U-M leads worldwide MS clinical trial

Multiple sclerosis (MS) is a major autoimmune disease that causes inflammation of the insulating
membranes (myelin) that surround the nerves within the central nervous system. MS onset is generally at the prime of life, between ages of 15 and 45. More than 500,000 people in the U.S. have MS, and there are 10,000 new cases every year. The University of Michigan Health System is actively involved in finding newer, better treatments for MS—and its related diseases.xray blog

As a physician and researcher in the area of multiple sclerosis (MS), I am often asked if there are new treatments and medications on the horizon.
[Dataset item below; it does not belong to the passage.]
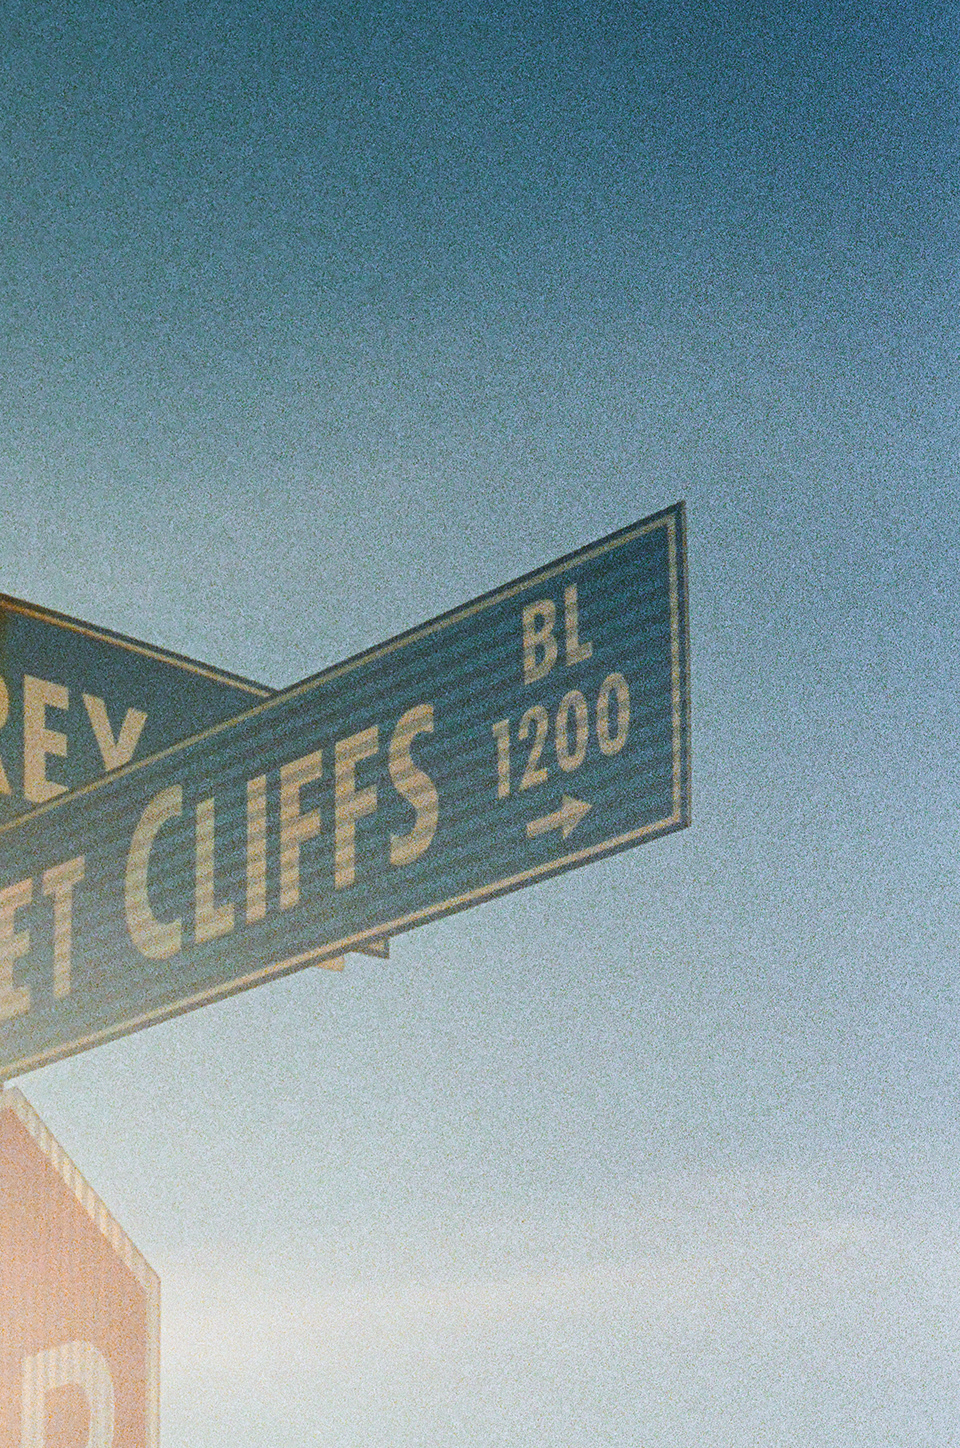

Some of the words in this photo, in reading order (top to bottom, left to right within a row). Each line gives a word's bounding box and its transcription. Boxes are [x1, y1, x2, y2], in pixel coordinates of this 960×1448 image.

[521, 582, 593, 686] BL
[491, 671, 631, 799] 1200
[124, 703, 439, 961] CLIFFS
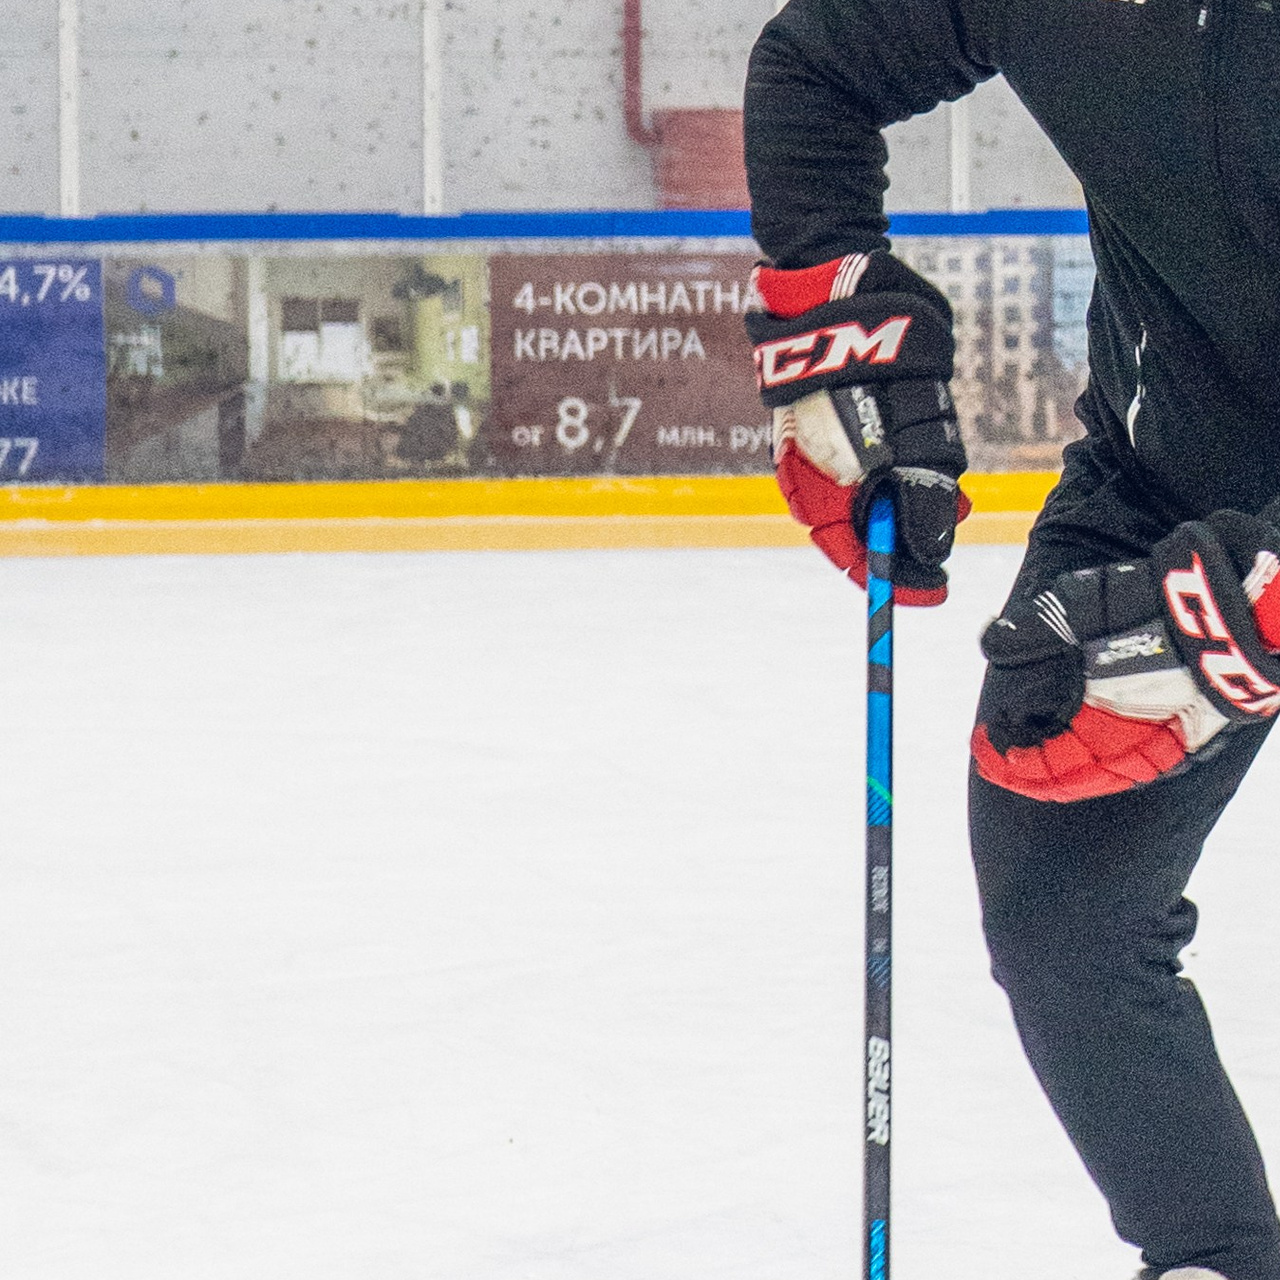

Thanks to years of research, the answer is yes, and I’m pleased to say that the University of Michigan is a major leader in some of the most important issues surrounding MS today. We’re trying to find the links between MS and other autoimmune diseases. We’re also conducting a new clinical trial and mechanistic study that may uncover a new treatment for secondary progressive MS. Approximately 85% of patients with newly diagnosed MS have relapsing-remitting MS . About 10-15 years after diagnosis, 50% of these patients will develop secondary-progressive MS , which is associated with significant disability. Finding a new treatment for this large group of people will make a significant impact on people’s lives. We’ve recently been given the tools to combat a disease that is a leading disabler of young adults.